Il primo dei film incriminati e particolarmente pericolosi per la contemporanee anime sensibilissime è  Missione Goldifinger del 1964  – pellicola sublime forse tra i più bei Bond di sempre – in cui James Bond seduce la celeberrima Pussy Galore, interpretata da Honor Blackman, forzandola ad avere un rapporto sessuale, secondo quanto afferma Catherine Shoard sul The Guardian.  Qui la domanda è di una semplicità disarmante, o la Shoard è affetta da cecità evidente oppure le sue lenti “woke” le hanno impedito di assistere ad un ammiccamento che tra la donna alfa Galore, non a caso fa di nome Pussy – e l’uomo alfa Bond ha avuto inizio sin dal loro primo incontro.  Nel mondo normale succede cosi tra uomo e donna, nel mondo normale, senza dover  assalire il più naturale degli istinti umani con un melassa di amenità prodotte dalla cultura tardo-femminista. Bond non ha forzato nessuno, ha solo fatto il primo passo, e Pussy Galore ha lottato non per opporsi al  Bond uomo, ma al contrario in quanto tra le due polarità , dal forte carattere e dalla forte individualità,  era in corso una lotta titanica per stabilire di chi fosse la supremazia. 

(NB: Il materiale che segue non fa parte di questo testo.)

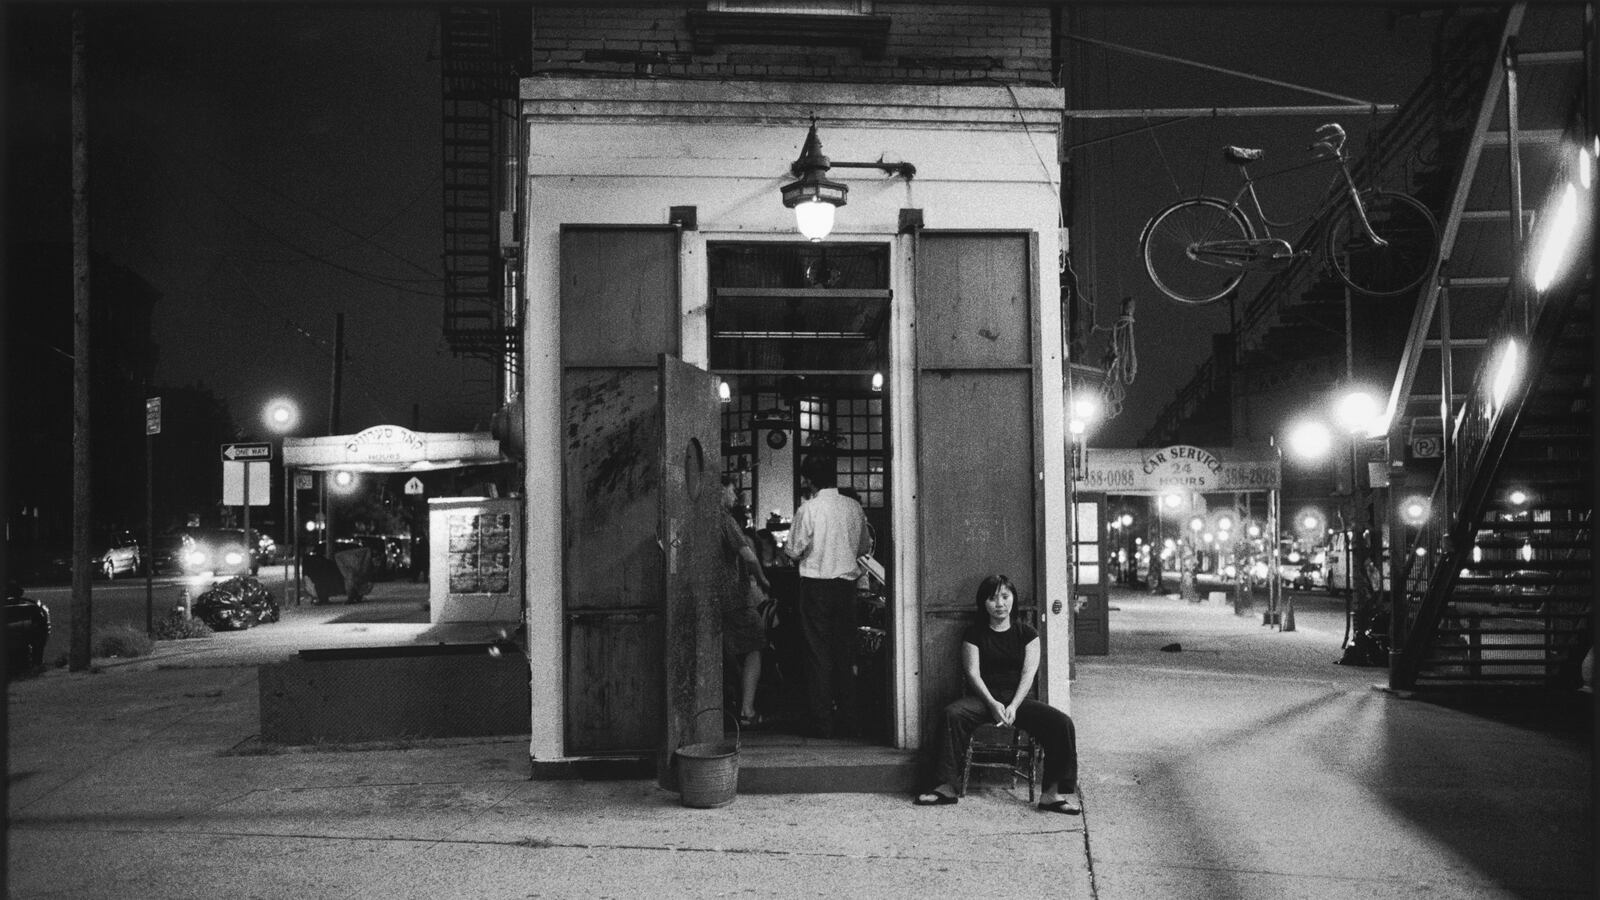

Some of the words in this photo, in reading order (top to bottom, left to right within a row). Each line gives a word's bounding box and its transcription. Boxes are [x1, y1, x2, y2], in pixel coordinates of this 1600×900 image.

[235, 447, 249, 457] ONE
[251, 447, 267, 456] WAY
[1143, 452, 1167, 475] CAR
[1170, 447, 1223, 476] SERVICE
[1170, 462, 1193, 475] 24
[1159, 476, 1206, 486] HOURS
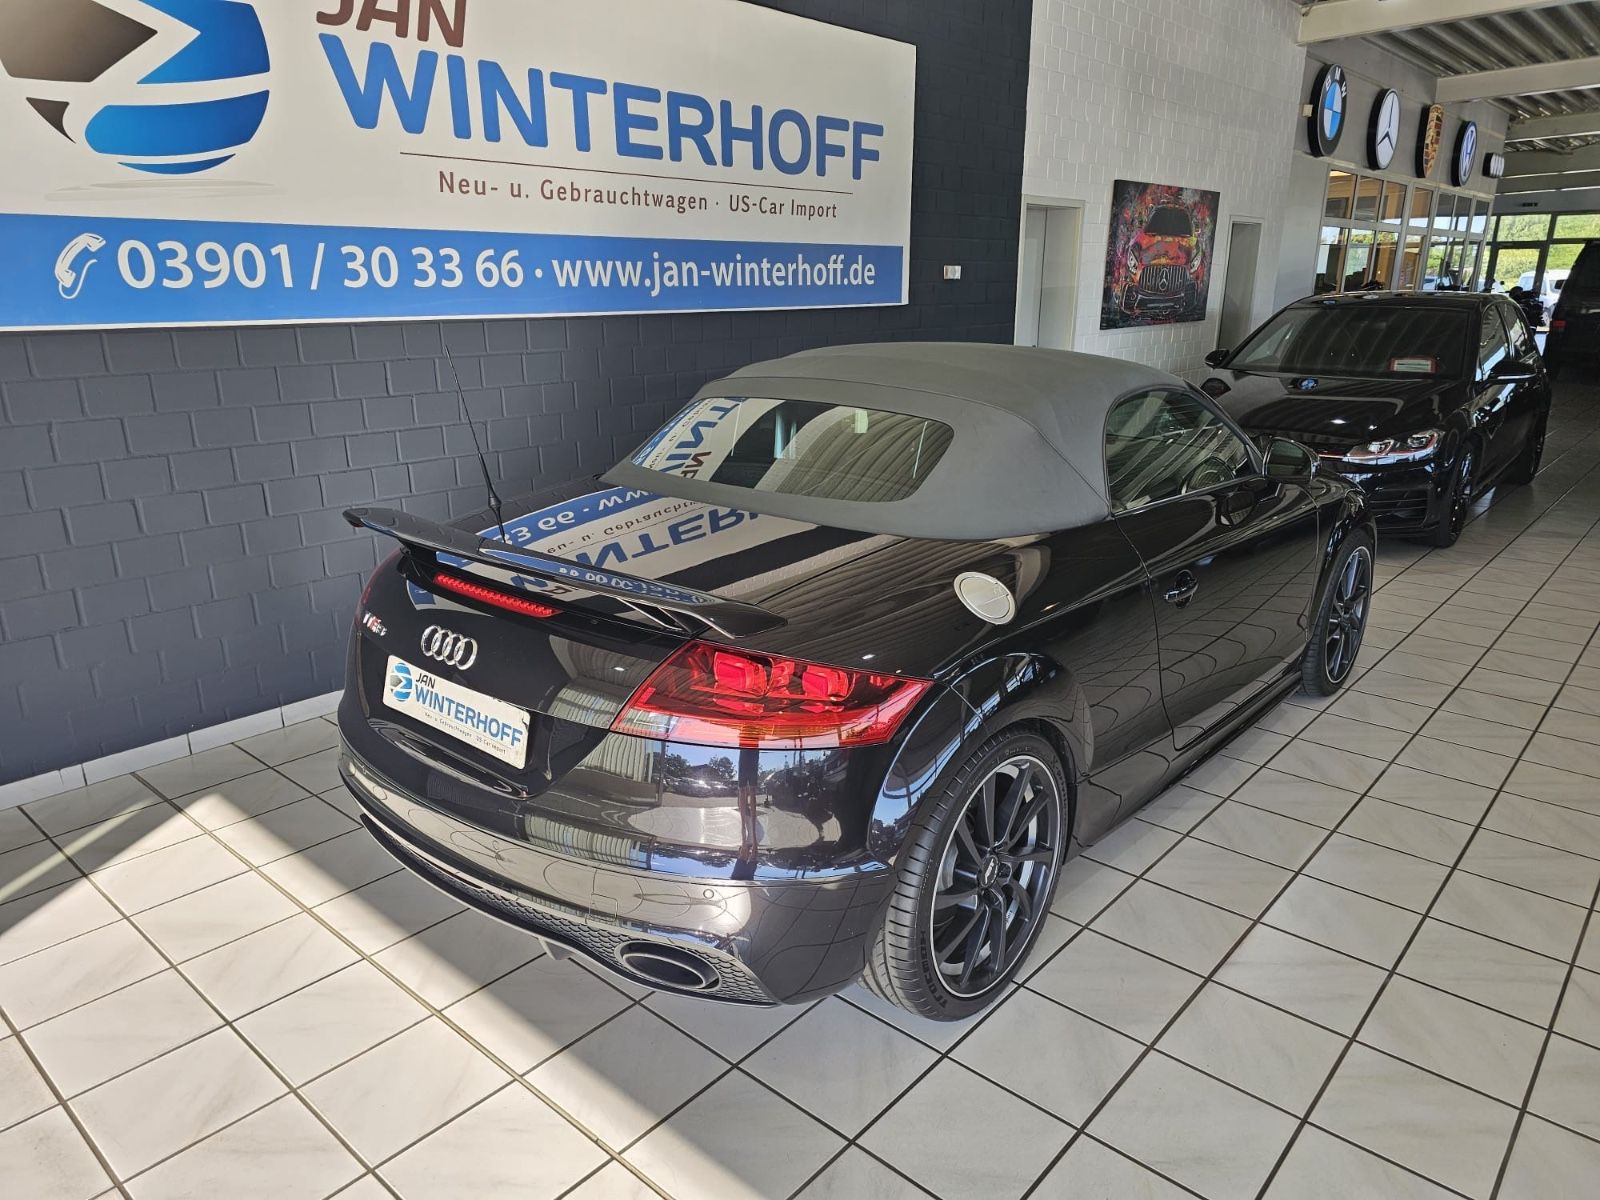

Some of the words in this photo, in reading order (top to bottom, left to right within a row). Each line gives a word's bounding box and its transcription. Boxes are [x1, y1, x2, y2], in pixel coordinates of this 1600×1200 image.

[318, 33, 884, 180] WINTERHOFF
[439, 171, 499, 195] Neu-
[510, 182, 530, 199] u.
[540, 179, 708, 213] Gebrauchtwagen
[728, 194, 785, 216] US-Car
[790, 199, 838, 222] Import
[117, 239, 294, 289] 03901
[340, 245, 399, 289] 30
[412, 247, 464, 288] 33
[475, 250, 524, 288] 66
[552, 252, 876, 297] www.jan-winterhoff.de
[415, 672, 436, 690] JAN
[414, 684, 524, 747] WINTERHOFF

Del resto chi ha letto il libro e sopratutto visto il film, e tanto al The Guardian, quanto al Bfi dovrebbero saperlo, Pussy Galore non è una fanciulla della prateria, più Camilla  che  Saffo,  non certo incline al femminismo lamentoso cui siamo sottoposti ogni giorno, ne tanto meno una donna da ridurre a mera e umiliante “quota rosa”.   Pussy Galore capitola in uno scontro titanico appunto, tra due forti personalità perché è lei ad accettare e desiderare la sua stessa capitolazione, in un gioco che sin  da quel “Rinfoderi pure il suo fascino, sono immune” ha dato il via al sottile duello tra i due personaggi. Del resto l’esordio  di Bond svegliatosi con l’immagine della Galore dinanzi agli occhi ( chi non vorrebbe)  fu chiaramente in linea  con la criptica allusiva e  dirompente narrativa di Fleming : « “Lei chi è? “Mi chiamo Pussy Galore.”  “Forse sto sognando.”» . Chiaro no? 

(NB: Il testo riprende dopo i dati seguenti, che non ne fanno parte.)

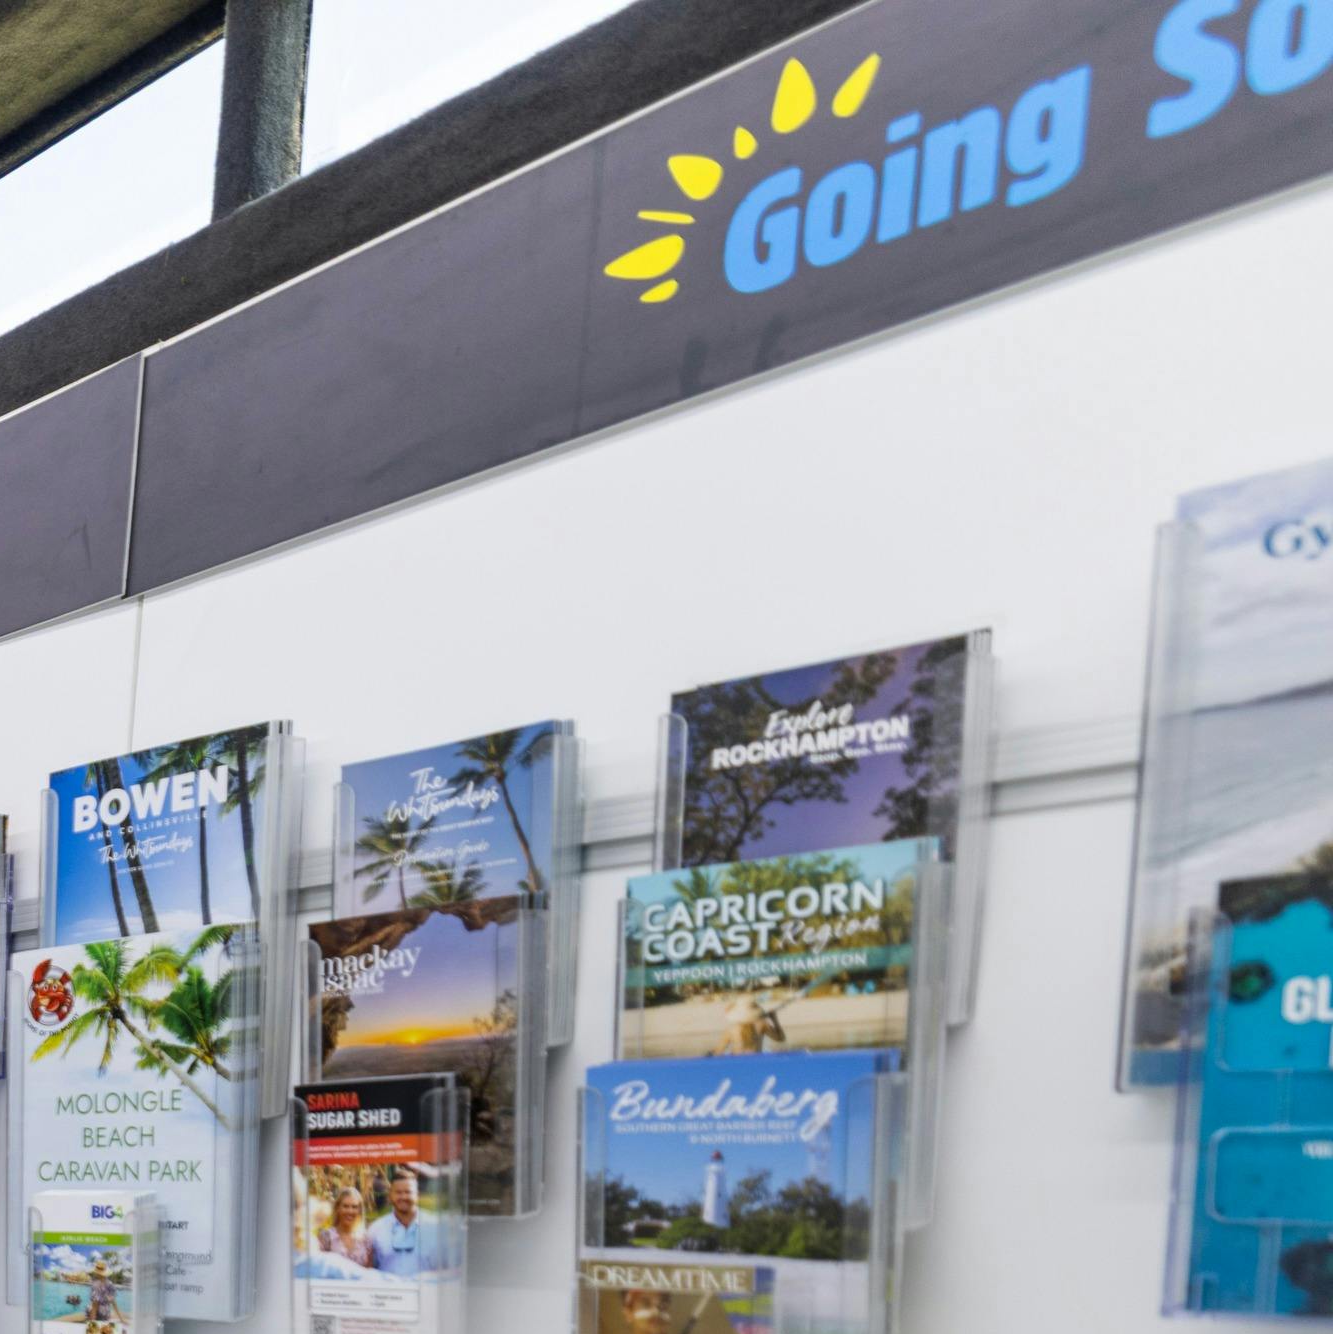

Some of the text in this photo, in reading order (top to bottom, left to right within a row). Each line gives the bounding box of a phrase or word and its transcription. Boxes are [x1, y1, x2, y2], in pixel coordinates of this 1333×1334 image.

[723, 63, 1092, 294] Going
[764, 699, 854, 739] Explore
[711, 715, 910, 771] ROCKHAMPTON
[409, 766, 448, 795] The
[73, 764, 229, 834] BOWEN
[386, 780, 501, 822] Whitsundays
[89, 812, 209, 842] AND COLLINSVILLE
[98, 843, 121, 865] The
[645, 878, 884, 933] CAPRICORN
[643, 913, 881, 964] COAST Region
[321, 943, 422, 977] mackay
[654, 953, 868, 984] YEPPOON ROCKHAMPTON
[321, 966, 386, 993] isaac
[56, 1088, 183, 1116] MOLONGLE
[307, 1090, 361, 1110] SARINA
[610, 1075, 839, 1142] Bundaberg
[308, 1108, 402, 1129] SUGAR SHED
[82, 1126, 156, 1149] BEACH
[38, 1159, 203, 1183] CARAVAN PARK
[91, 1204, 124, 1219] BIG4
[593, 1263, 748, 1292] DREAMTIME

Comunque è facile scoprire la verità e vi invitiamo a prendere visone di questo capolavoro e di giudicare nella libertà di ciascuno se sussista o meno questa “ sessualità caricaturale” di cui gli armigeri del The Guardian hanno fiondato le acuminate saette “woke”. 

La seconda pellicola è “ Si vive solo due volte”  qui addirittura l’avviso dichiara esplicitamente la presenza di contenuti e stereotipi razziali superati. Nella pellicola infatti Bond tenta di farsi passare per giapponese in una scena. Per il resto il film semmai è un omaggio al Giappone e alle sue tradizioni, ma di questo gli avvisi non parlano. 

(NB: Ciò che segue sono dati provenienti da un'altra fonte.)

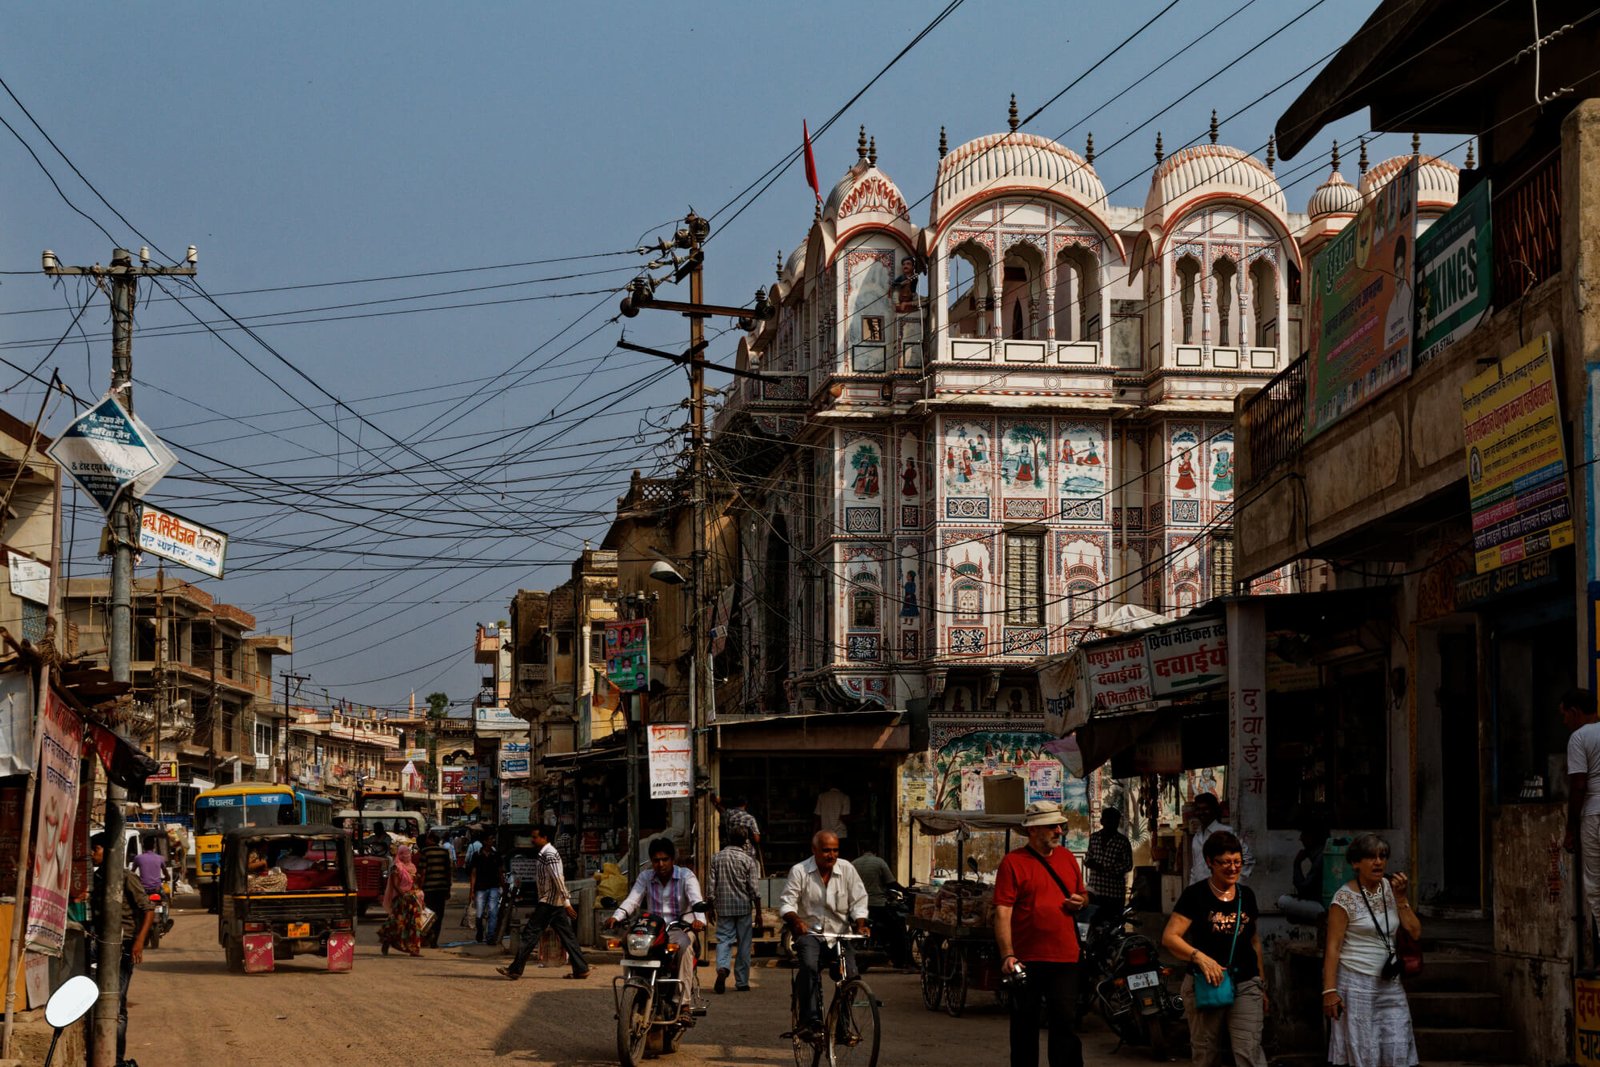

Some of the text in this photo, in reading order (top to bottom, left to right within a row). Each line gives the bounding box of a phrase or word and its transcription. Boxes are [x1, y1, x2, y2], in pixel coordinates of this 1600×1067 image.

[1432, 238, 1477, 318] KINGS
[1440, 332, 1455, 351] STALL
[142, 511, 157, 533] न्यू
[158, 513, 198, 548] सिटीजन
[1493, 562, 1521, 594] आटा
[1127, 640, 1145, 659] की
[1148, 633, 1172, 651] प्रिया
[1173, 625, 1212, 645] मेडिकल
[1107, 686, 1138, 706] मिलती
[208, 795, 279, 807] विद्यालय वाहन

La cosa che desta maggiore sconcerto è l’esito di un sondaggio secondo cui due terzi degli adolescenti intervistati risulta essere d’accordo con gli avvisi, in quanto la visione di alcune scene provoca ansia, stress e depressione tra le preoccupazioni maggiori per codesti giovinetti. 

Altri sentimenti tali visioni provocava nelle generazioni precedenti ma del resto questa è la realtà odierna, questi gli “ ansiosi” giovani cui farebbe bene un sana dose di adrenalina bondina per svegliarsi dal loro pachidermico stile in colore di concepire la vita.  Di certo iniziative come questa mi aiutano, ma alimentano loro i veri stereotipi.  Secondo quanto afferma il portavoce del BFI “ noi abbiamo la responsabilità di come presentiamo i  film al nostro pubblico “, non ci resta che rispondere che i film come ogni opera d’arte si presenta da sola, e che i lettori, gli spettatori e gli osservatori non sono una massa informe di cretini, ma persone senzienti in grado di discerne cosa è giusto da cosa non lo è, e senza la presenza di autorità morali che stabiliscano cosa è offensivo e cosa non lo è.  

Di certo  nei film di James Bond di offensivo non vi è nulla, e tantomeno vi è una stereotipata violazione dell’immagine della donna, al contrario nell’opera di Fleming la donna diviene figura eterea, immagine idilliaca della perfezione, oggetto del desiderio e talvolta vittima delle circostanze, ma mai e poi mai figura debole. Le Bond girls spesso ispirate a figure del passato di Fleming ( ex agente dei servizi durante la seconda guerra mondiale) sono donne forti, forgiate e temprate dalla vita e poco inclini a farsi sottomettere. Qui poi, subentra quella sfera sentimentale e quel fascino del personaggio di Bond che riesce a scalfire la corazza bene rinforzata di queste donne alfa.